30か国の幅広い年齢層に対して行われた国際社会調査プログラム(ISSP)2017年の公開データにある質問項目を見ていきますと、「他人と接するときには、相手の人を信頼してよいと思いますか」というのがあります。

日本は30か国中24位。かなり下位です。「信頼してよい」という回答者の率が低いのです。

そのうち「いつでも信頼してよい」は0.8パーセント。最下位です。

全般的に、人に対する信頼ができないのが日本の人、とこの統計は語っています。

1位デンマークは「いつでも信頼してよい」――17.9パーセント。     「たいてい信頼してよい」 ――63.7パーセント。あわせて81.6パーセントに対して、

24位日本は 0.8パーセント+34.3パーセント=35.1パーセント。この大きな差に驚きます。


別の質問。「くらしむきのよい人は、経済的に苦しい友人を助けるべきだ」についてはどう答えたか。

他国をひきはなして最下位です。1位フィリピンが「そう思う」「どちらかと言えばそう思う」の合計で88.2パーセントだったのに対して、

30位日本は 合計が20パーセント。

29位デンマークが34.1パーセント。

ですから、大きく引き離されて最下位です。

友だちですらこんなに「助けなくてよい」と思う人が多いのです。見知らぬ人が困っていても助ける人は少ないはずです。


 他人を信頼できない、だから不安な気分でいるのが平均的な日本人。でも友達なら別であったかい関係を感じているか、というとそうでもない。友だちであっても、貧しくても助けないぞ、と考えるのが、平均的な日本人。私たちはこういう考えでいる人の渦の中に生活しているのです。心の病というのは社会の様子を反映した鏡のようなものですから、こうした環境の中では、心病む人が多く出るのが普通の成り行きではないでしょうか。

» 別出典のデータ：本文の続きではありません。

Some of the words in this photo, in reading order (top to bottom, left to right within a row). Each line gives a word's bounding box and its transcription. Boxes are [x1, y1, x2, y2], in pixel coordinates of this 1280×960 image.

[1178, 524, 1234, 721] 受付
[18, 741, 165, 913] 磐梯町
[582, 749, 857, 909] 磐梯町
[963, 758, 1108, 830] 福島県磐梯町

 私たちはほかの国と比べれば、特別厳しい国にいて、なおかつ、とてもがんばっています。人に頼らず、自分だけで立つようにせねば。うちの子のことでよそ様に負担をかけないようにせねば。……近年のコロナ禍で多くの非正規雇用の方が職を失い、生活困窮の度が増していますが、「生活保護だけは受けない」と援助の手を拒む例がとても多い、というエピソードはよく耳にします。ホームレス支援の現場でも、一時居住の場につなごうとするボランティアの誘いを、自分の誇りにかけて拒むことが、さらに困窮からの脱出を不可能にさせています。「他人を助けない。」と思う人は、「他人は助けてくれない。」と思うでしょう。「自己責任論」という社会福祉の考えとは反対の極にある考え方が社会の端々まで浸透してしまっているのです。「助けない。助けてもらいたくない」志向が、平均的な日本人の心を追い詰めているのは間違いないと考えます。

 心のケアをする現場では、この統計は、なるほどそうかやはり、と腑に落ちる思いがします。

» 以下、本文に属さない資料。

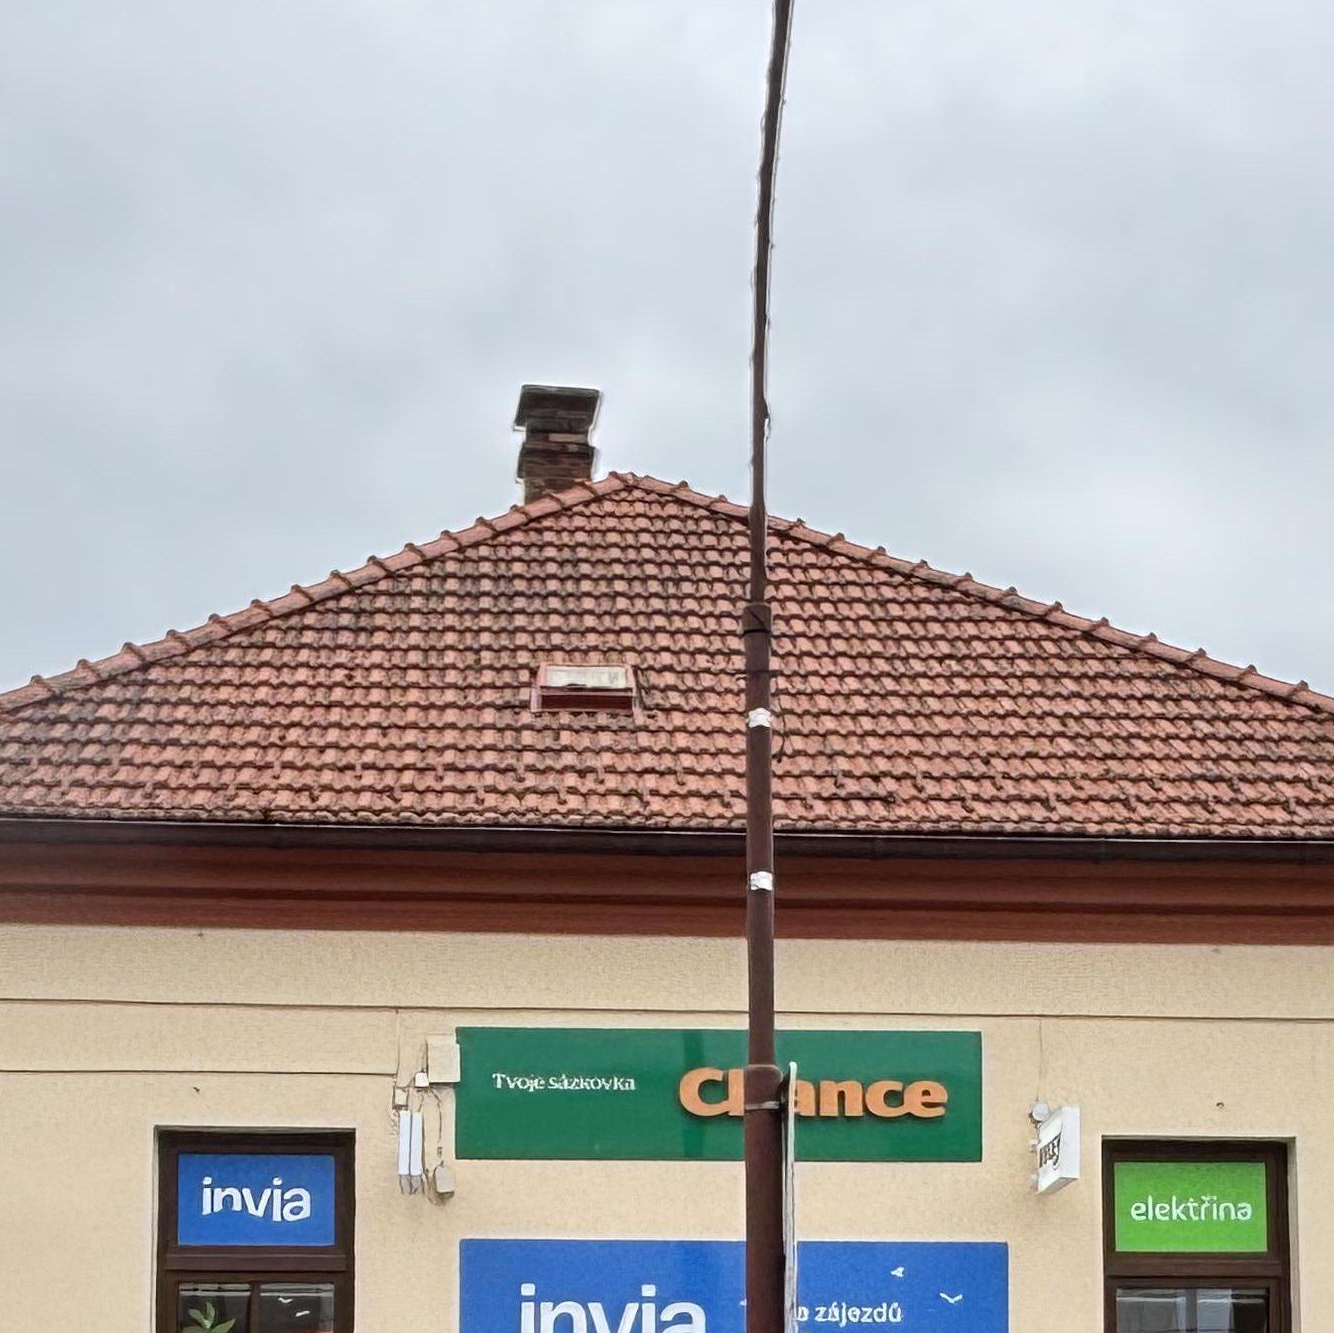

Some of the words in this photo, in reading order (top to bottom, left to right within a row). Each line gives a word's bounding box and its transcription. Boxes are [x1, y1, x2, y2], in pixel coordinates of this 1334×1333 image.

[492, 1073, 544, 1092] Tvoje
[202, 1176, 311, 1222] invia
[1130, 1194, 1253, 1221] elektřina
[815, 1301, 903, 1327] zájezdů

 つらい心の状態になったことを、いかに長い期間、皆さんがひとり耐えておられることか。誰にも打ち明けずにひとりでなんとかしようとするそのがんばりのつらさ。そして「助けてもらおうとしてはいけない」という道徳は、「助けてもらえない」という孤立感を密着して連れてきます。

 孤立感は病気の原因でもあり、悪化を促す環境にもなります。まさにこの統計は、私が直面している患者さんのこれまでの日々なのだ、と感じます。

 どうしたらよいのでしょう。

 人々の間に広く行き渡ってしまった考え方は容易にかわることはないと承知の上で、はやり私はまず患者さんの周辺にいる方々には、「考えを修正しよう」と呼びかけたいと思います。それが原則だからです。

 先進国全般がこんなに「助けない・助けられない」心になっているわけではないのです。もっと、人をらくに信頼してよい。もっと、人に助けをらくに求めてよい。それが世界なのです。

 この国では悪く思われる行動パターン「人を軽く信じる」こと、「人に甘えて依存する」こと、なんでも「人のせいにして待つ」こと。そんなことを思い切って肯定していいのだ、と思います。それくらいの主張をしてちょうどよい程度じゃないかと思います。私たちは柳の枝をくらがりからみて、幽霊だ幽霊だ、とおそれているだけの状態だと言えるのかもしれません。「人は信じられない生き物だ」という想念は過剰にふくらみ、それにとらわれて不安を生きている日々なのかもしれません。

 誰かから心の相談をちらとされるようなことがあれば、「もっと話してくれていいよ」と返してあげてください。まちがっても「それでも自分でちゃんとしないとね」などと再び傷つけるようなことはしないでほしいのです。言われなくても、患者さんはすでにその想念にとらわれ、苦しんでいるのですから。

 そもそも心理カウンセラーなどはこの世に必要じゃない存在なのかもしれません。専門家でなくても、どんな人でも身近に生活のいろんなことを相談できる人をもっていれば。けれど地域のコミュニティは喪失され、こんなに相談しにくい周囲にとりまかれるようになった現代社会では、必要なのです。

心がつらい人には、どうか心理カウンセラーに打ち明けることをためらわないでほしいと思います。